Referring expression grounding data

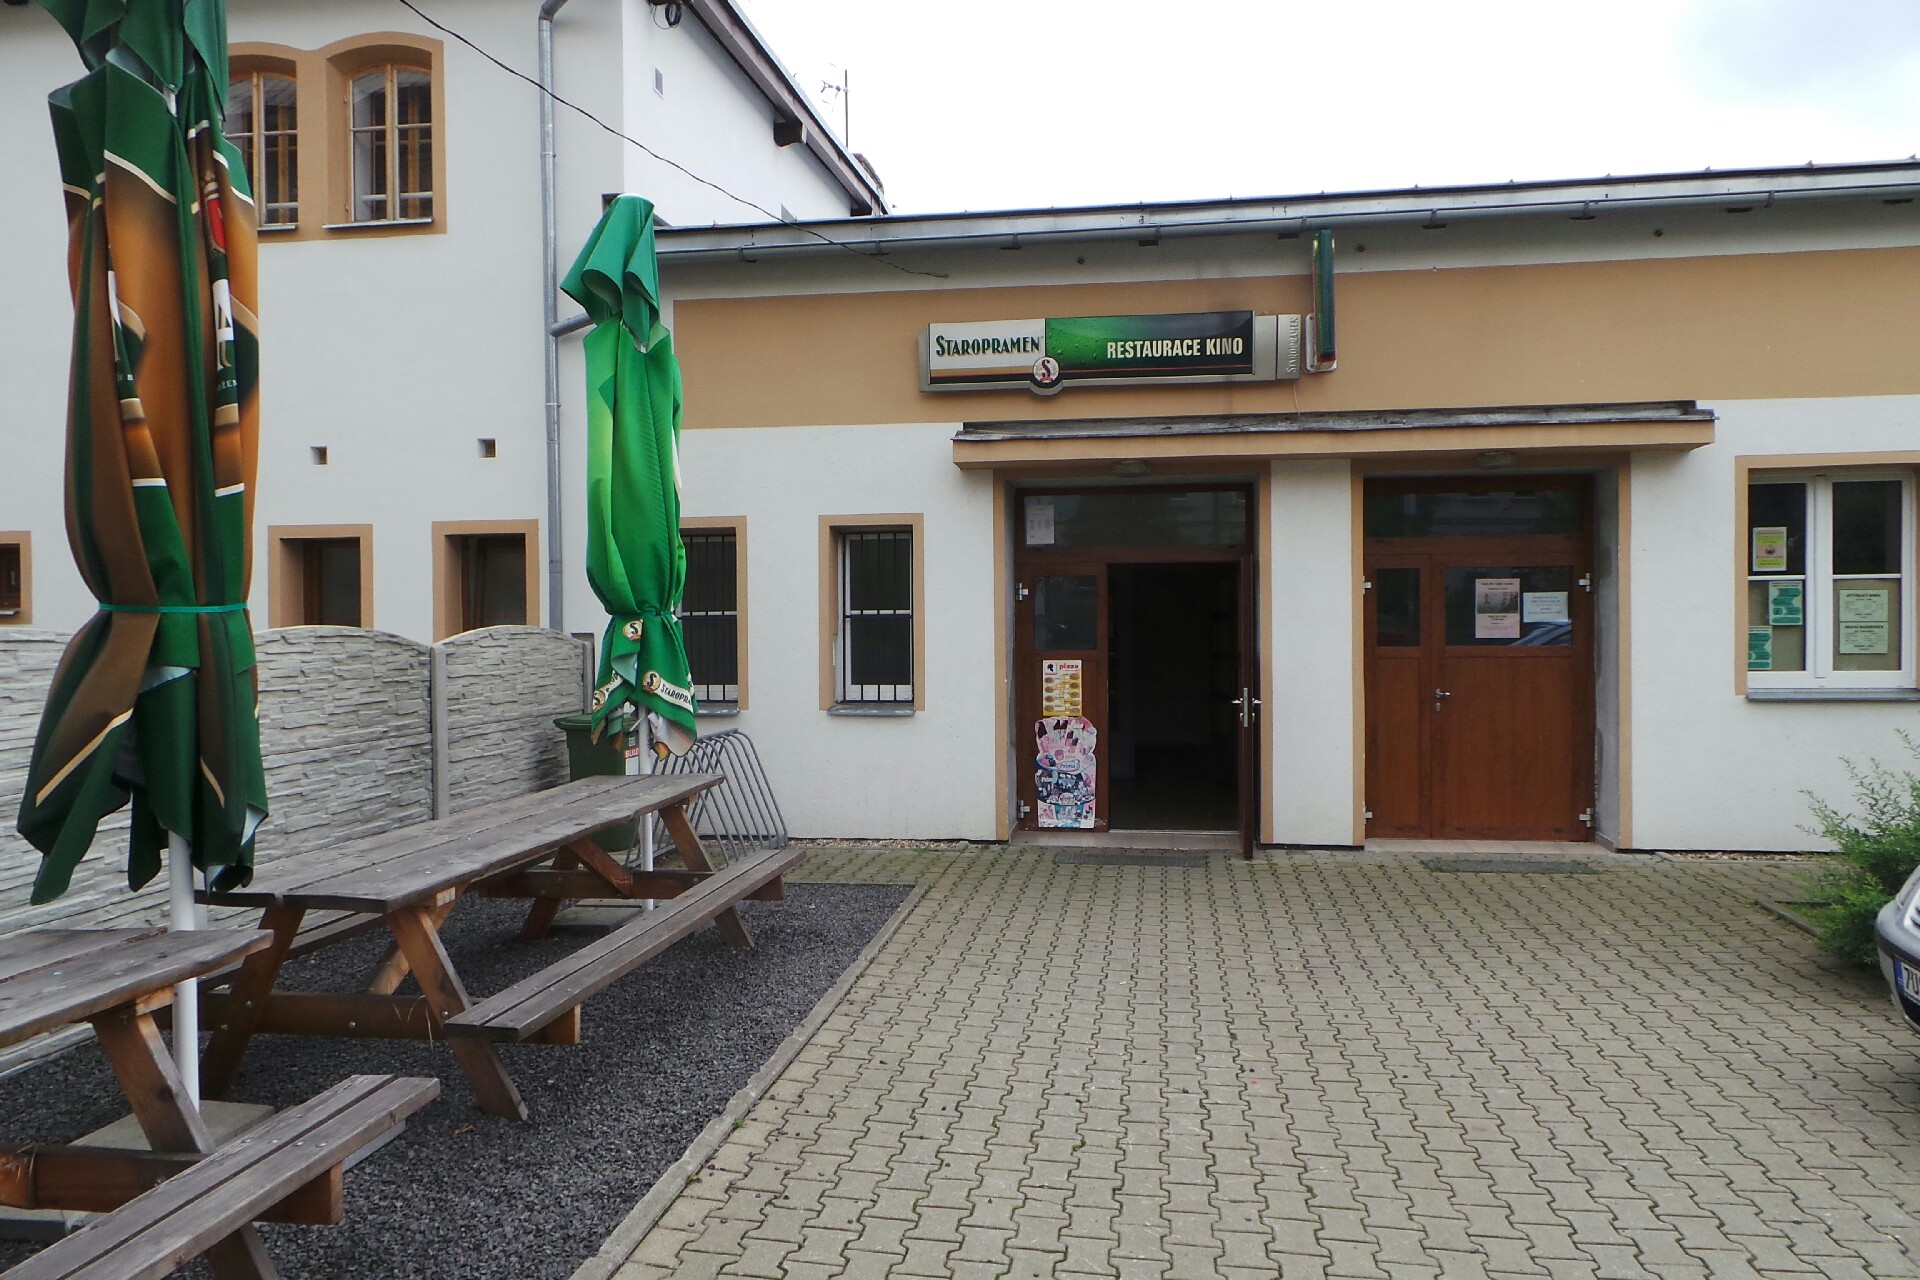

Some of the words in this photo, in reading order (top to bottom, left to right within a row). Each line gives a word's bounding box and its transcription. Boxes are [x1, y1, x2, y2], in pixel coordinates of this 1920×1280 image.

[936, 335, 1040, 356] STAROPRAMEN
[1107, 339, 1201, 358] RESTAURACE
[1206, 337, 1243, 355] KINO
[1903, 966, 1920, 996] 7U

* **Task directions**
Copy all of the records verbatim, omitting the pictures.

* **Reply**
Some of the words in this photo, in reading order (top to bottom, left to right within a row). Each line gives a word's bounding box and its transcription. Boxes are [x1, y1, x2, y2], in pixel coordinates of this 1920×1280 image.

[936, 335, 1040, 356] STAROPRAMEN
[1107, 339, 1201, 358] RESTAURACE
[1206, 337, 1243, 355] KINO
[1903, 966, 1920, 996] 7U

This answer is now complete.